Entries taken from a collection
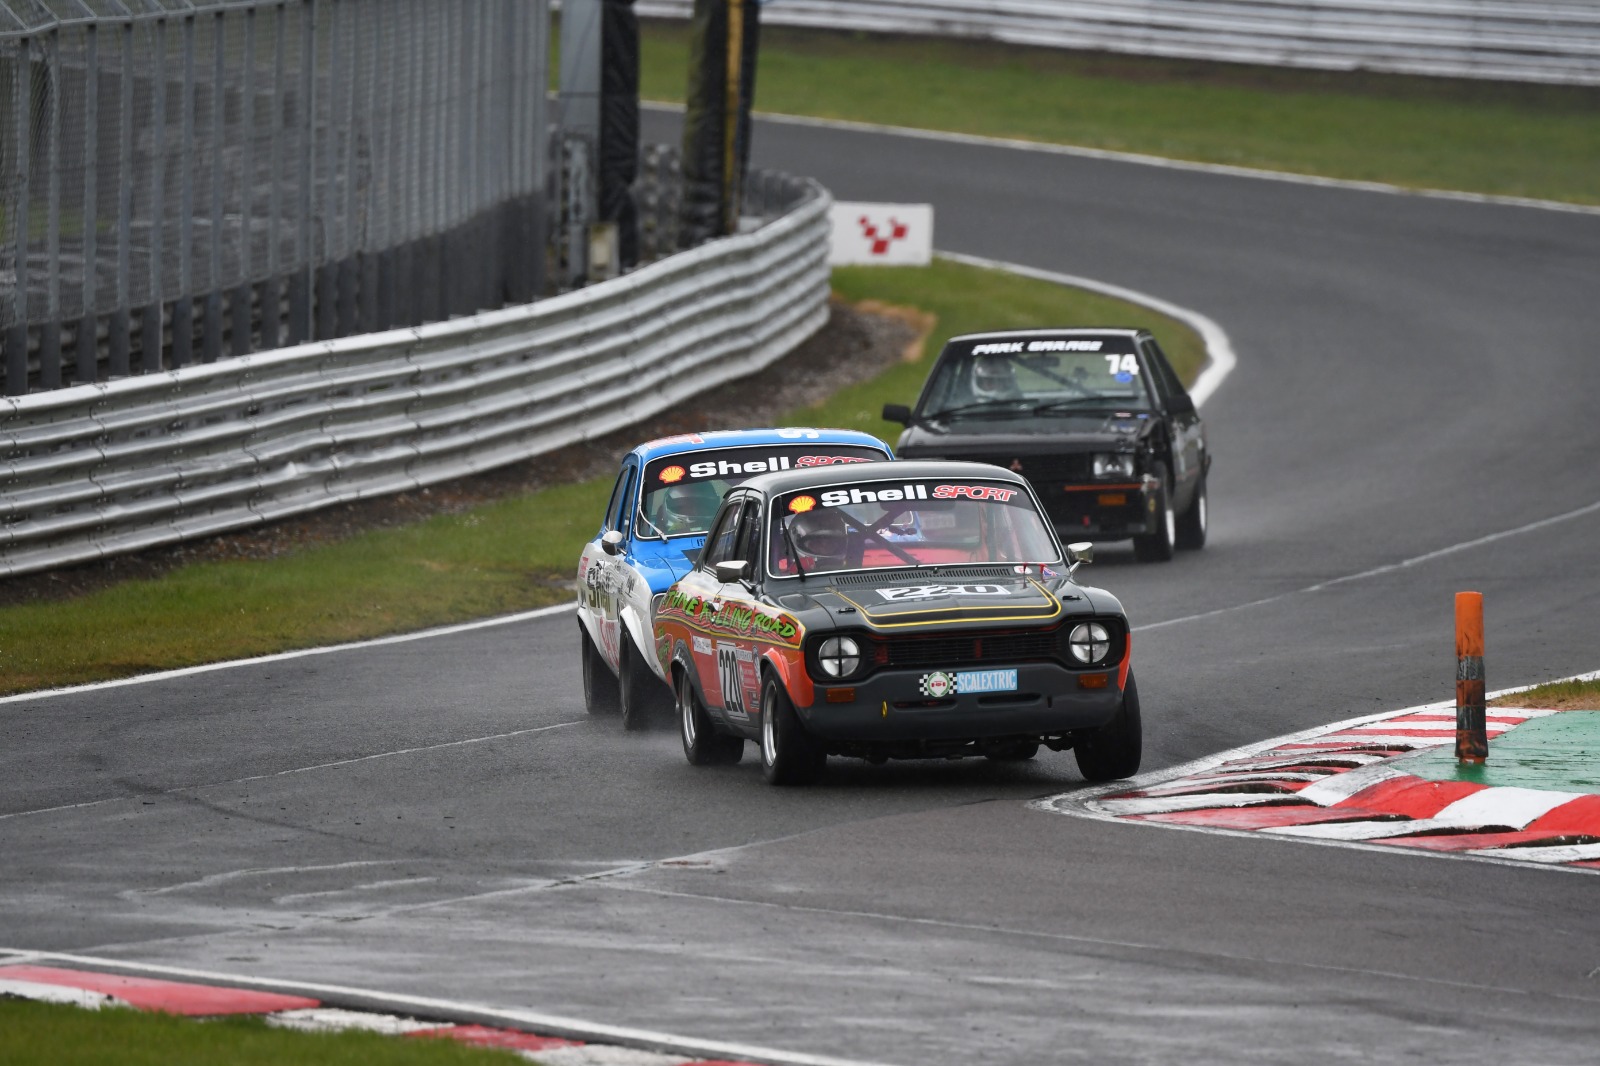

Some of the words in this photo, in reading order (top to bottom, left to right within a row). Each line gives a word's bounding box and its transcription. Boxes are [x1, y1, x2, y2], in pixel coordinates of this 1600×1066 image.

[972, 342, 1025, 355] PARK
[1027, 340, 1103, 351] GARAGE
[1104, 353, 1139, 375] 74
[689, 456, 790, 478] Shell
[795, 455, 875, 469] SPO
[820, 484, 928, 507] Shell
[932, 485, 1017, 502] SPORT
[889, 584, 999, 598] 220
[699, 600, 753, 632] RLLING
[753, 612, 797, 638] ROAD
[719, 648, 745, 714] 220
[958, 671, 1016, 692] SCALEXTRIC
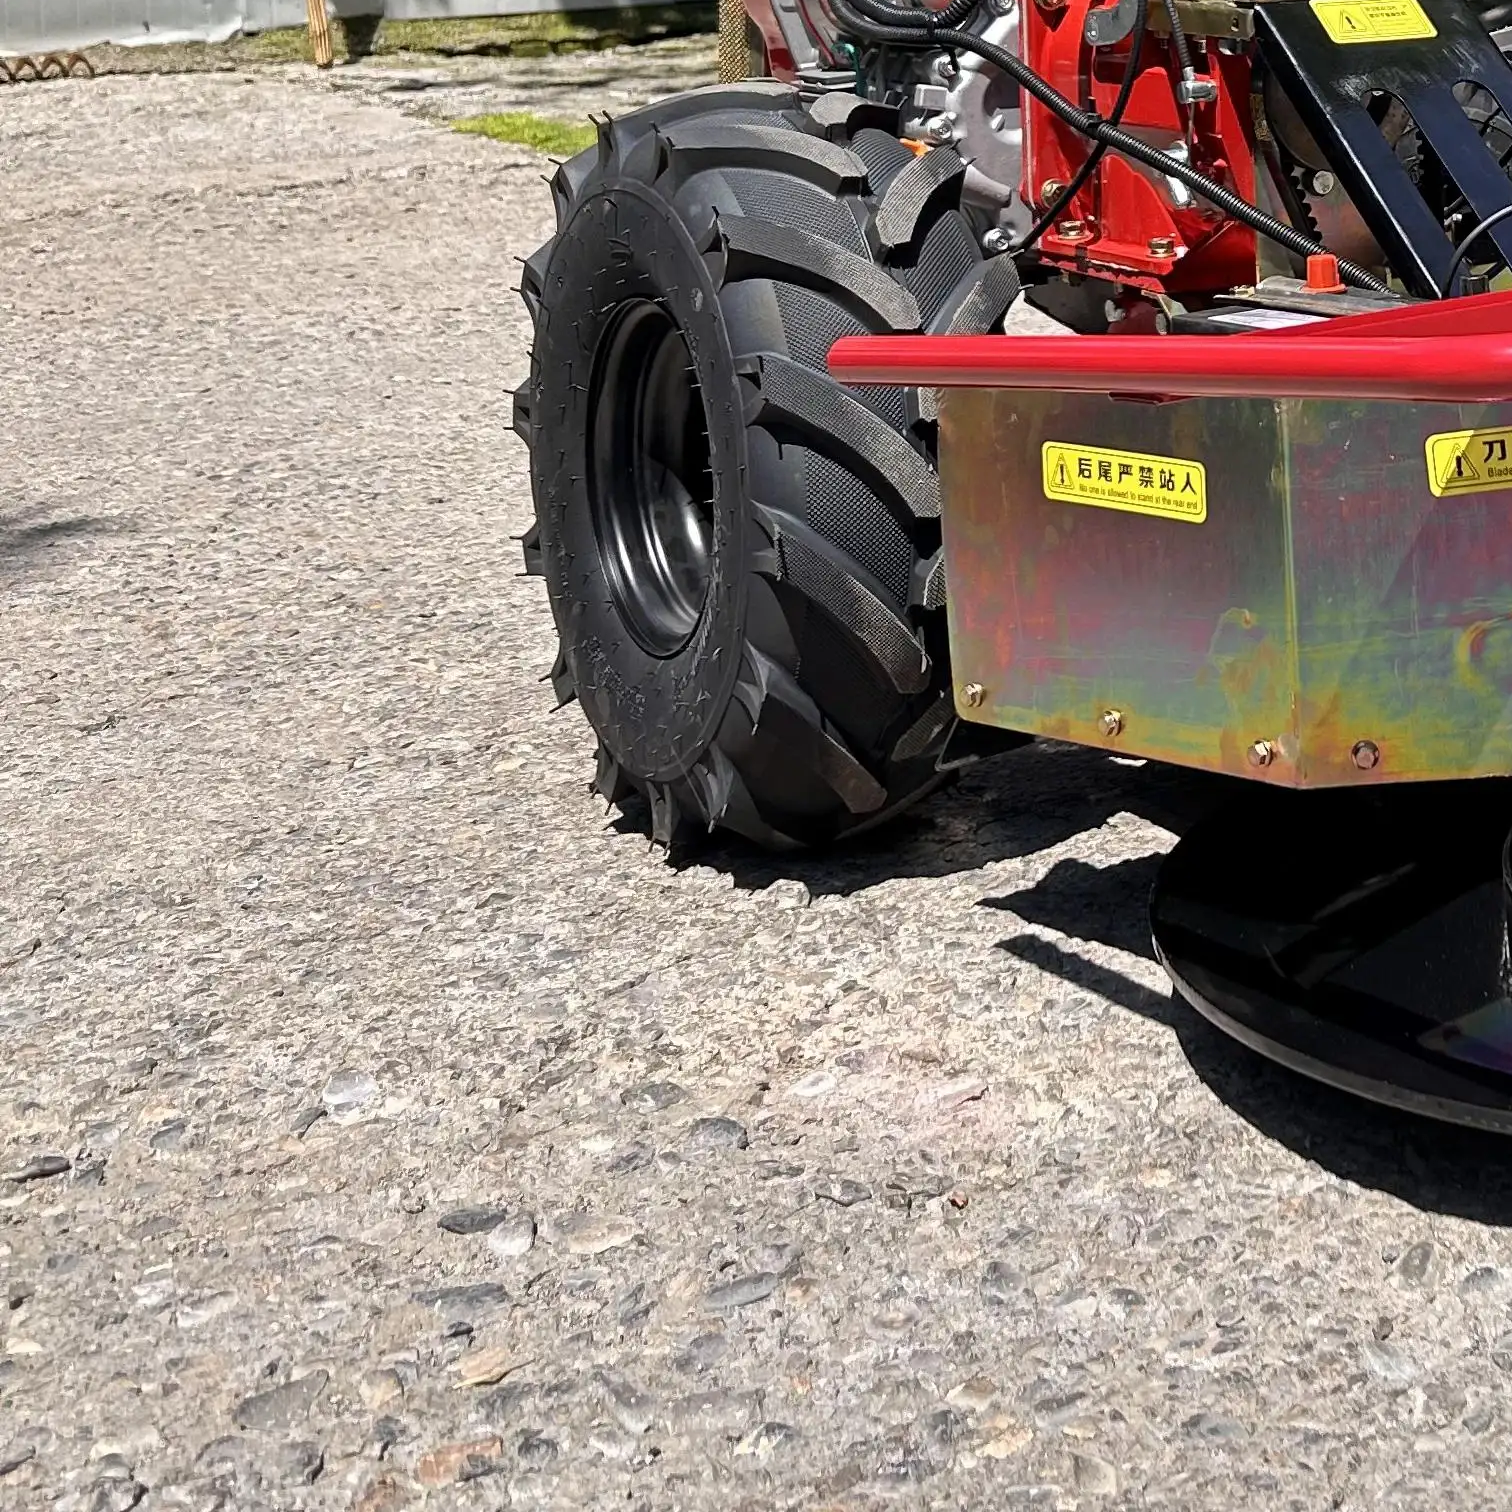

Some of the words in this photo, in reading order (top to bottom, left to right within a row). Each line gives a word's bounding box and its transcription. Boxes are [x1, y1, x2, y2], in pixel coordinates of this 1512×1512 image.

[1077, 457, 1198, 496] 后尾严禁站人
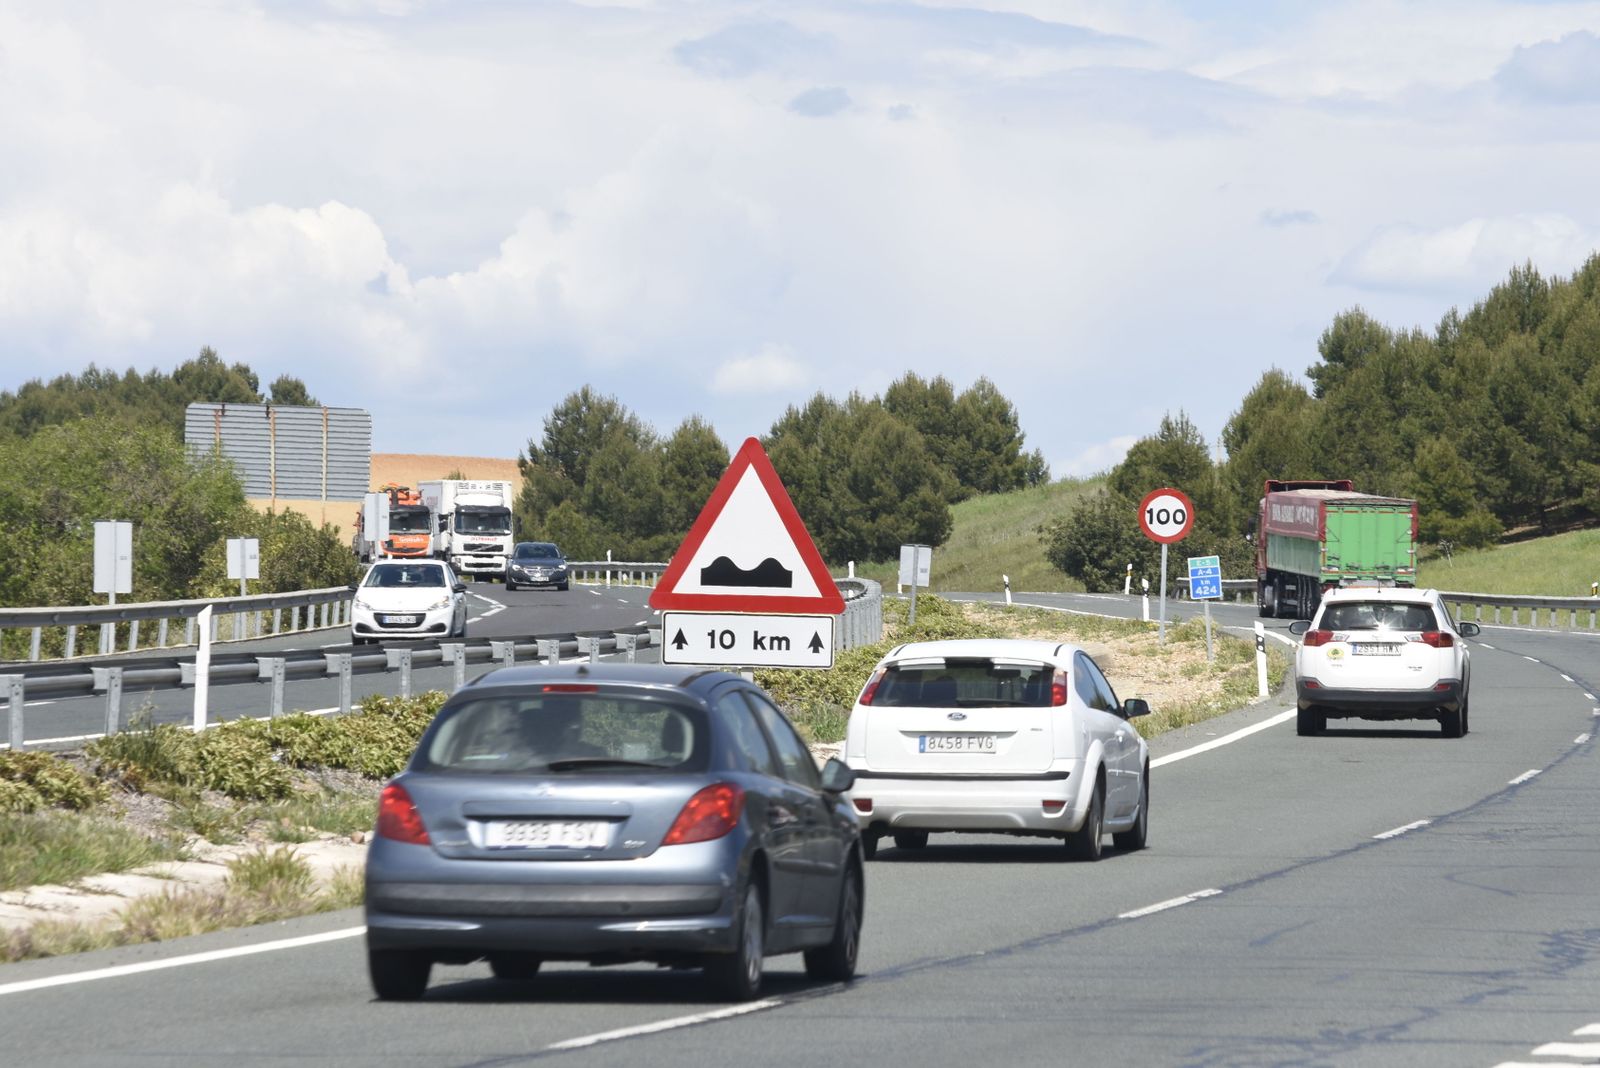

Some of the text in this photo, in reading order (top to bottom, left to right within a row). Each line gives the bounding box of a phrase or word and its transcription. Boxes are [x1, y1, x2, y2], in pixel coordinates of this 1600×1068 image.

**TASK TO COMPLETE**
Line by line, retype the records above exactly, minus the images.

**ANSWER FOR THIS EXERCISE**
Some of the words in this photo, in reading order (top to bottom, left to right within a row). Each line gives a word's bounding box and its transcription. Boxes are [x1, y1, x2, y2], in pixel coordinates of this 1600×1066 image.

[972, 342, 1025, 355] PARK
[1027, 340, 1103, 351] GARAGE
[1104, 353, 1139, 375] 74
[689, 456, 790, 478] Shell
[795, 455, 875, 469] SPO
[820, 484, 928, 507] Shell
[932, 485, 1017, 502] SPORT
[889, 584, 999, 598] 220
[699, 600, 753, 632] RLLING
[753, 612, 797, 638] ROAD
[719, 648, 745, 714] 220
[958, 671, 1016, 692] SCALEXTRIC

Some of the words in this photo, in reading order (top to bottom, left to right within a row). Each line gives a word's bounding box and its transcription. Boxes are [x1, y1, x2, y2], in pixel coordinates of this 1512×1512 image.

[1077, 457, 1198, 496] 后尾严禁站人

Some of the text in this photo, in reading order (top to bottom, left to right within a row). Each line gives the bounding box of a phrase or word and its transcription. Boxes are [x1, y1, x2, y2], in pixel coordinates of this 1600×1068 image.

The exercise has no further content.